RECORDED INFORMATION Start Marker
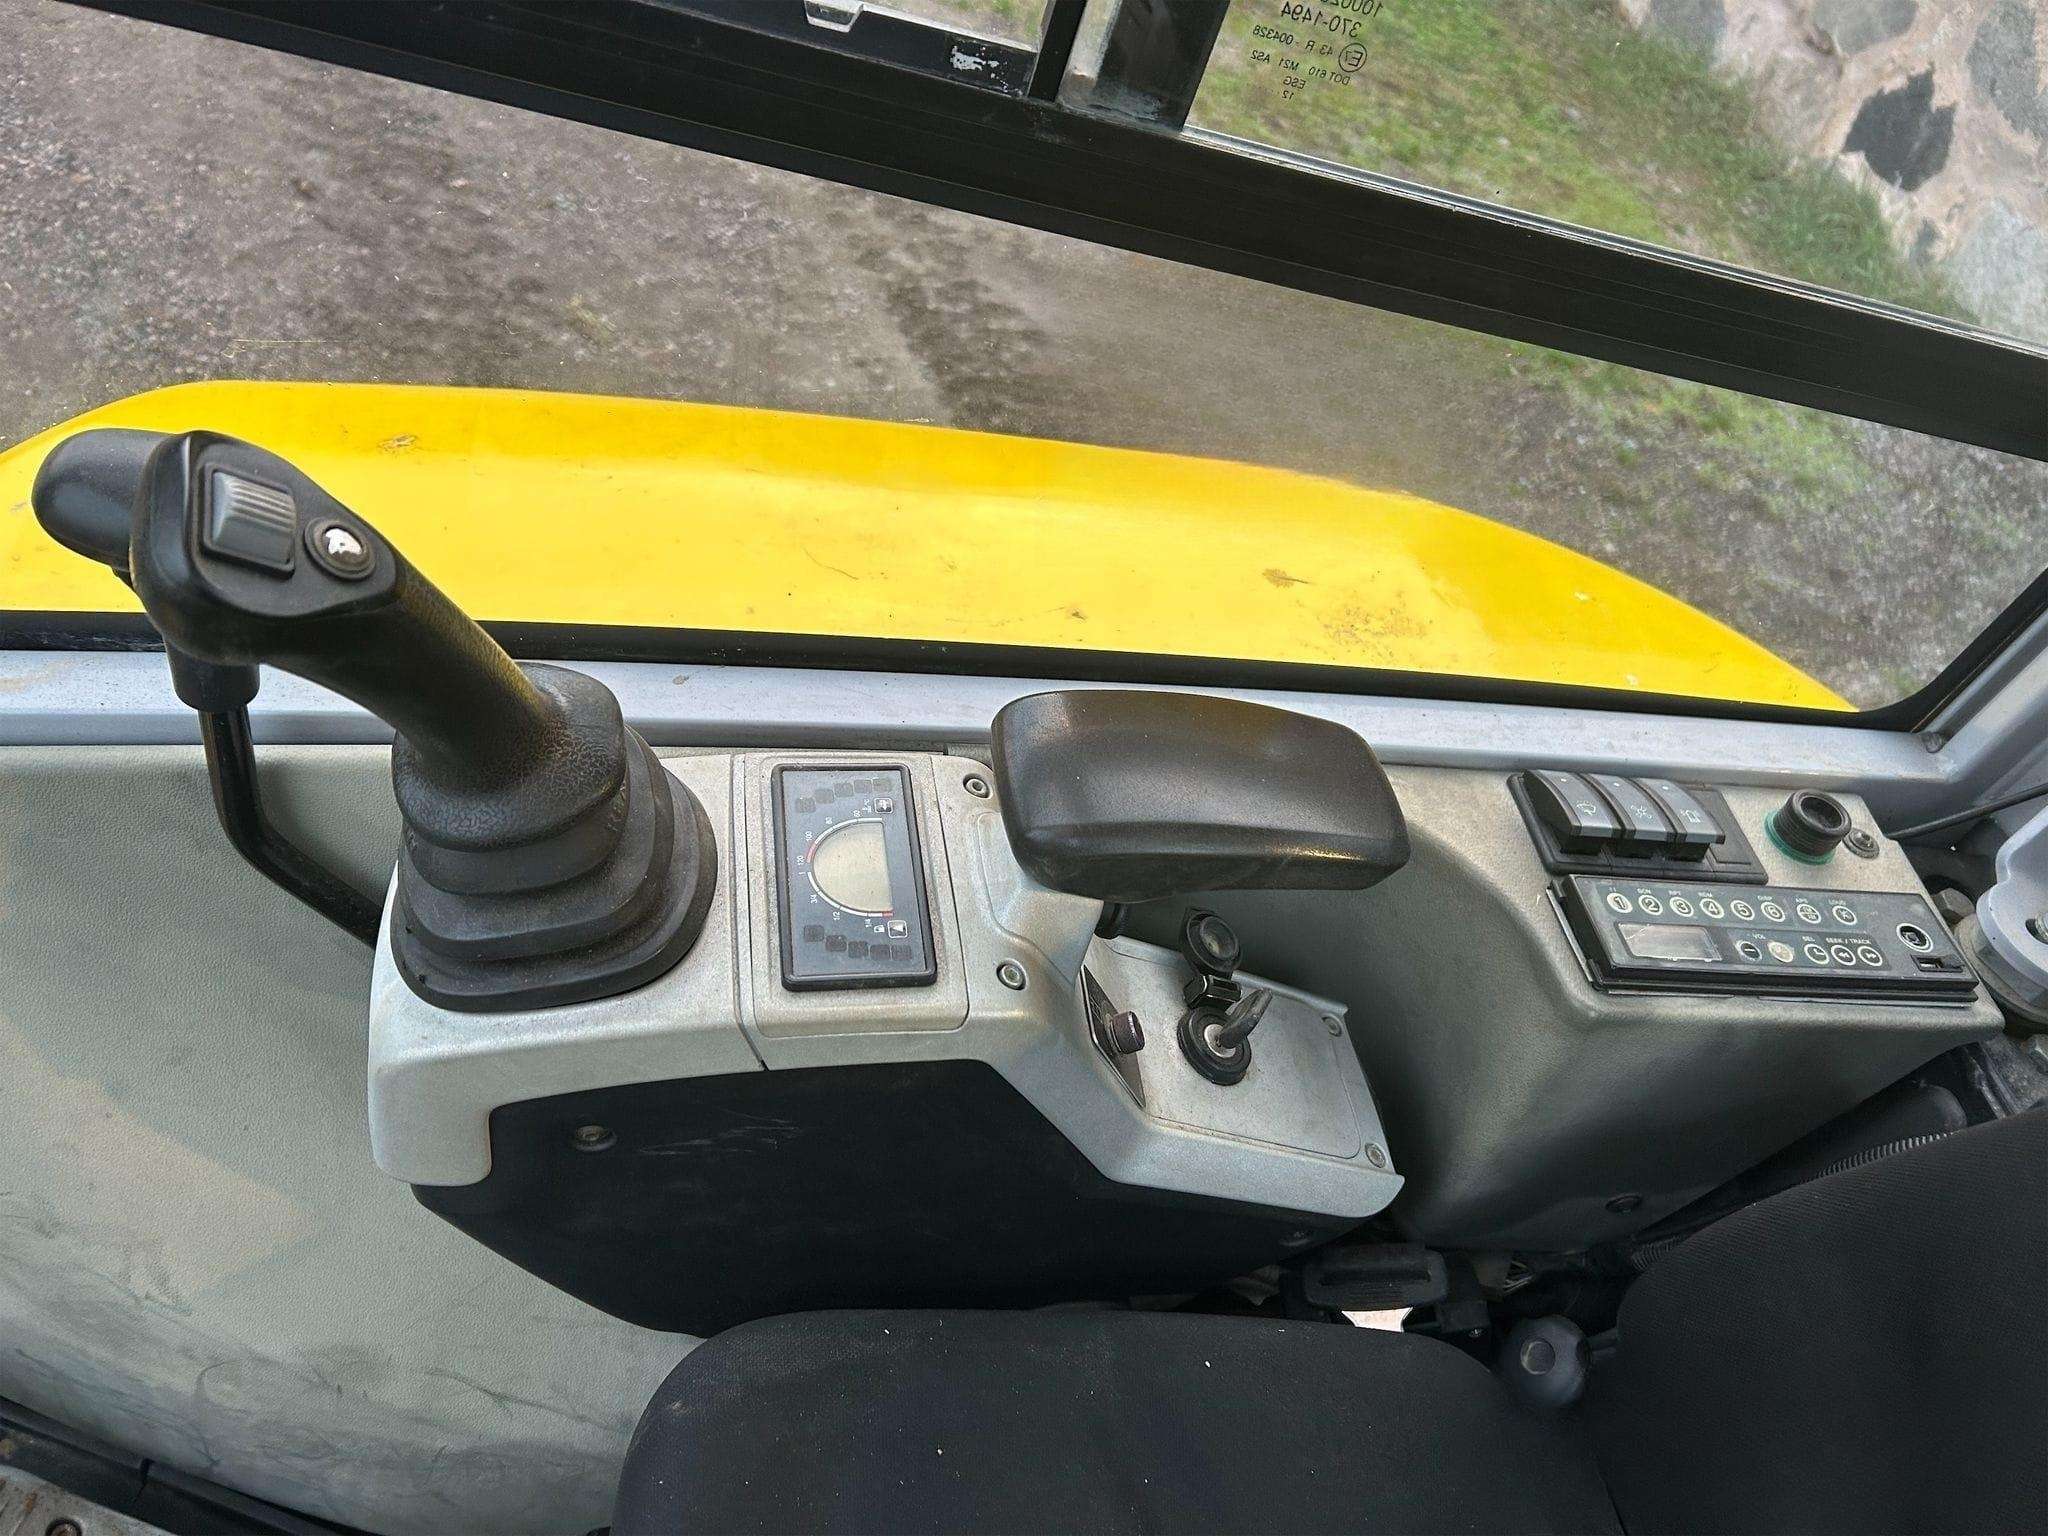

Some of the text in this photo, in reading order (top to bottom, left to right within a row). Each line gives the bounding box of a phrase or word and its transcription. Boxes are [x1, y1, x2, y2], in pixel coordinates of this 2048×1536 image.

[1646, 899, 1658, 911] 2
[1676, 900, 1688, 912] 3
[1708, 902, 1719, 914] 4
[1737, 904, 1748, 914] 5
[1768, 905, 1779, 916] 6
RECORDED INFORMATION End Marker
EXERCISE:
Could you retype every record exactly, leaving the pictures out?

ANSWER BOX:
Some of the text in this photo, in reading order (top to bottom, left to right within a row). Each line gives the bounding box of a phrase or word and its transcription. Boxes are [x1, y1, x2, y2], in pixel coordinates of this 2048×1536 image.

[1646, 899, 1658, 911] 2
[1676, 900, 1688, 912] 3
[1708, 902, 1719, 914] 4
[1737, 904, 1748, 914] 5
[1768, 905, 1779, 916] 6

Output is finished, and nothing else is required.